AGC Biologics has joined the Clinical Development Network of Orphan Therapeutics Accelerator (OTXL) as a manufacturing partner to support the development and commercialisation of therapies for ultra-rare diseases.

The collaboration expands an existing relationship between the organisations and is intended to strengthen manufacturing support for cell and gene therapy programmes. OTXL said its Orphan ClinDevNet network brings together partners focused on reducing barriers associated with clinical development, manufacturing continuity, and commercial access for rare disease therapies.

According to the companies, AGC Biologics will contribute manufacturing expertise in ex vivo gene therapies, lentiviral vector production, and autologous CD34+ hematopoietic stem and progenitor cell platforms. The partnership builds on AGC Biologics’ previous work with Fondazione Telethon and the development of WASKYRA™, a gene therapy approved in December 2025.

“AGC’s expertise in ex vivo gene therapies and its ability to scale production through commercial supply gives us a manufacturing foundation that can support not only WASKYRA but also additional shelved programmes we take on.”

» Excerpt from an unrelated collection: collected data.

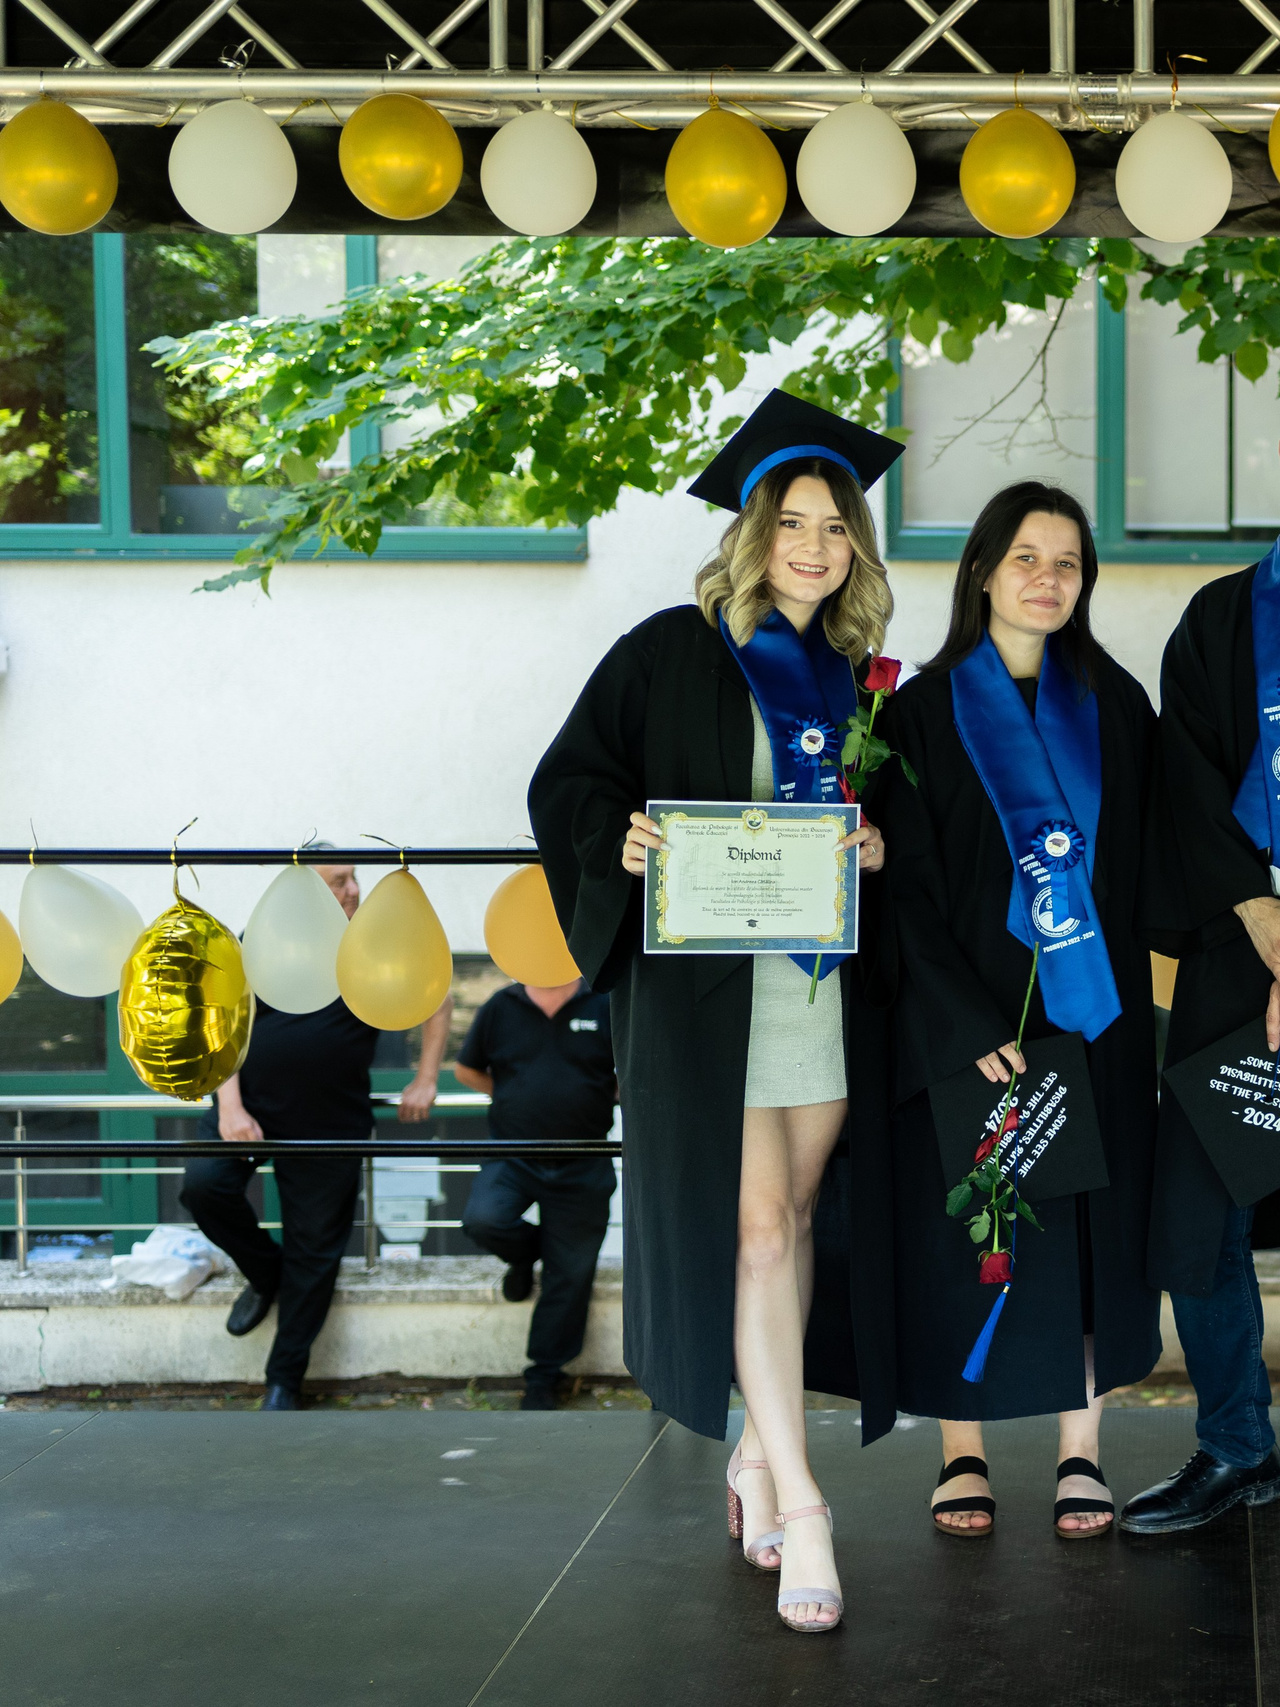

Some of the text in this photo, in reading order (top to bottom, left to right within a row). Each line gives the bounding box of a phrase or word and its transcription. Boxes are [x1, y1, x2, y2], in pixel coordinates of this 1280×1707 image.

[726, 846, 782, 864] Diplomă
[1026, 1071, 1058, 1111] SEE THE
[1209, 1079, 1231, 1093] SEE
[1232, 1085, 1253, 1099] THE
[1019, 1085, 1067, 1145] DISABILITIES,
[1006, 1144, 1024, 1168] BUT
[1031, 1138, 1049, 1159] SEE
[1017, 1157, 1036, 1178] THE
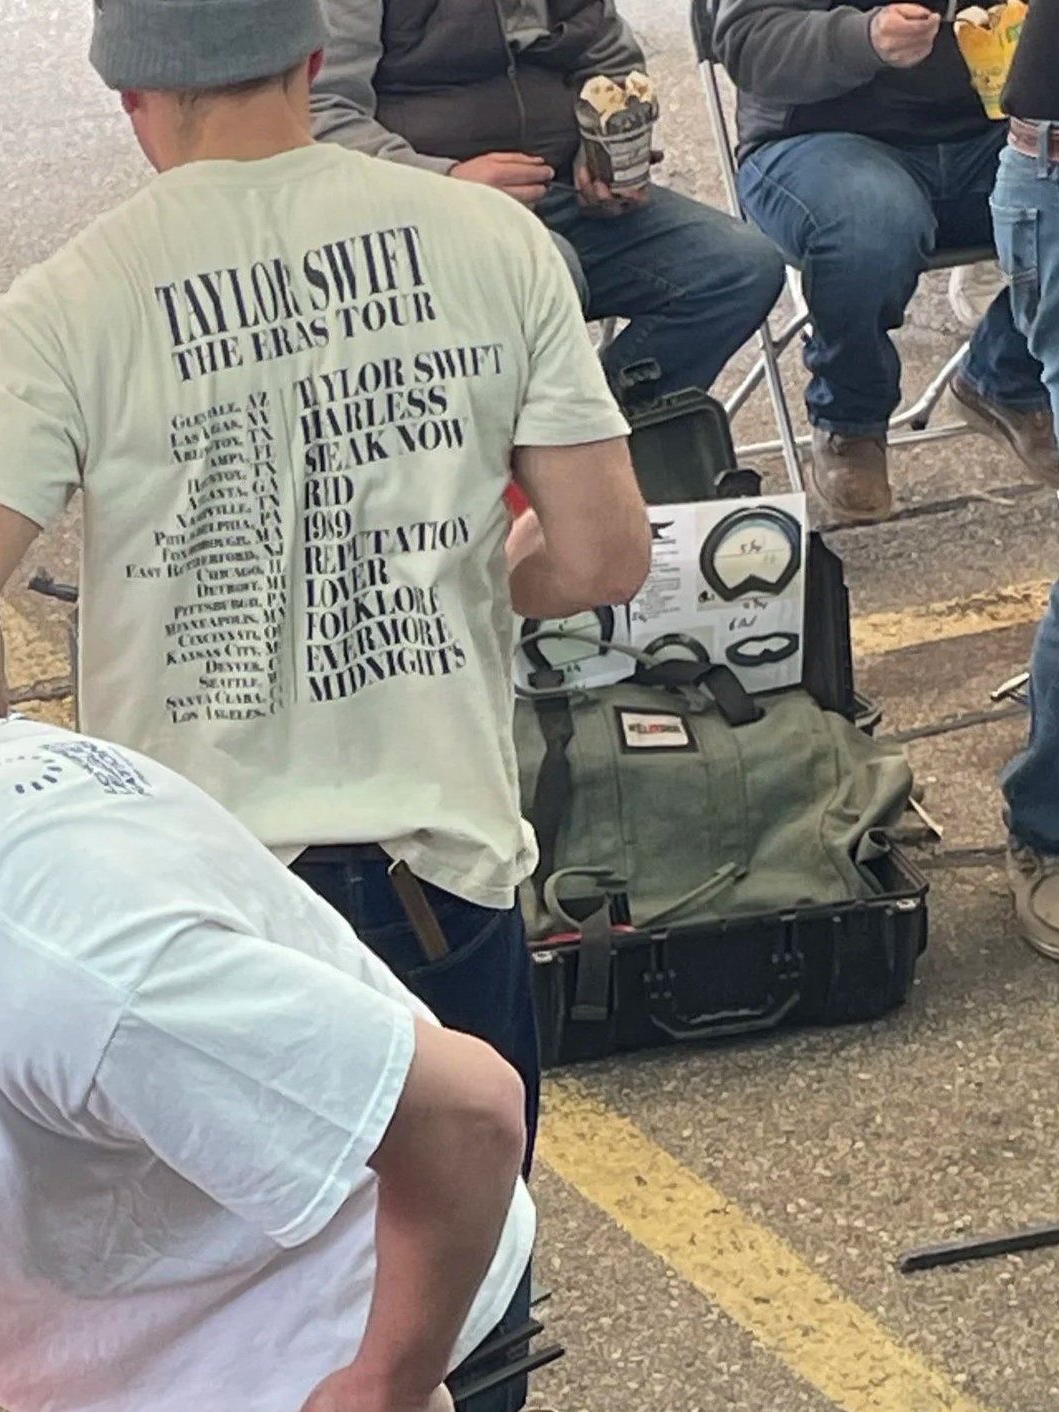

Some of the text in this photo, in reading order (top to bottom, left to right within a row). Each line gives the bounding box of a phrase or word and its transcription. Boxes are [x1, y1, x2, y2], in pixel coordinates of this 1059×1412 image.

[155, 225, 425, 346] TAYLOR SWIFT
[172, 292, 436, 382] THE ERAS TOUR
[293, 343, 503, 410] TYLOR SWIFT
[396, 417, 468, 455] NOW
[304, 509, 352, 542] 1989
[306, 557, 391, 608] LOVER
[306, 584, 441, 640] FOLKLORE
[306, 614, 454, 673] EVERMORE
[308, 643, 468, 701] MIDNIGHTS
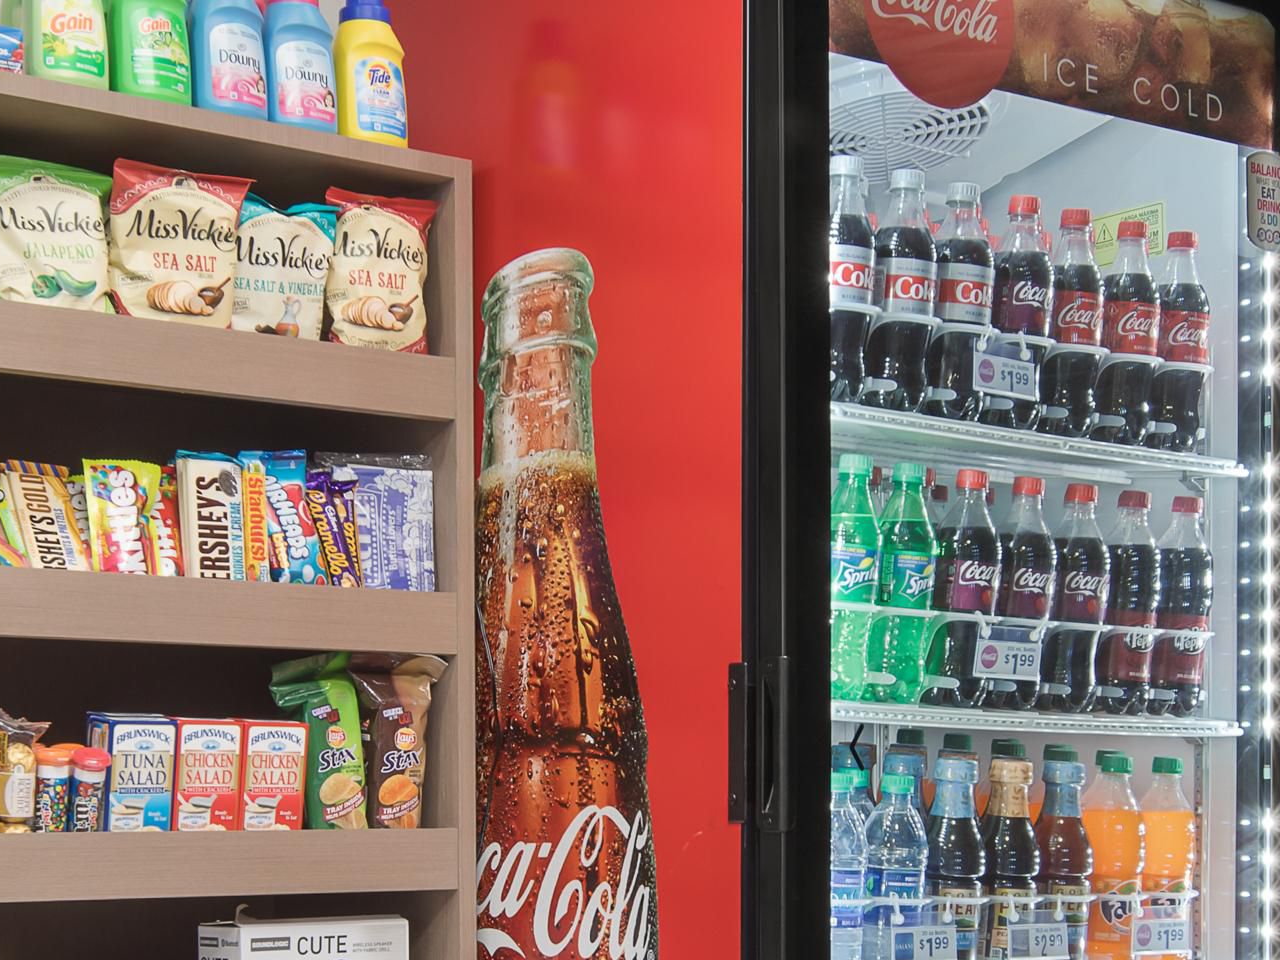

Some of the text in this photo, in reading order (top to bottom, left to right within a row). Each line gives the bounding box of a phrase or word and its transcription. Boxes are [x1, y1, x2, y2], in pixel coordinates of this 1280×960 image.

[50, 12, 94, 34] Gain
[368, 67, 391, 87] Tide
[1043, 52, 1223, 123] ICE COLD
[1261, 186, 1275, 200] EAT
[1257, 199, 1280, 214] DRINK
[1267, 214, 1278, 226] DO
[152, 251, 217, 274] SEA SALT
[122, 753, 165, 770] TUNA
[185, 752, 235, 769] CHICKEN
[251, 752, 299, 769] CHICKEN
[118, 770, 168, 786] SALAD
[185, 770, 233, 786] SALAD
[297, 935, 348, 956] CUTE

Craig Martin, CEO and Co-founder of Orphan Therapeutics Accelerator

AGC Biologics stated that its Milan facility has more than three decades of biologics manufacturing experience and has supported multiple viral vector and cell therapy approvals across the U.S. and Europe. The company said the collaboration aligns with its broader CDMO and contract manufacturing strategy focused on supporting commercially challenging therapies for small patient populations.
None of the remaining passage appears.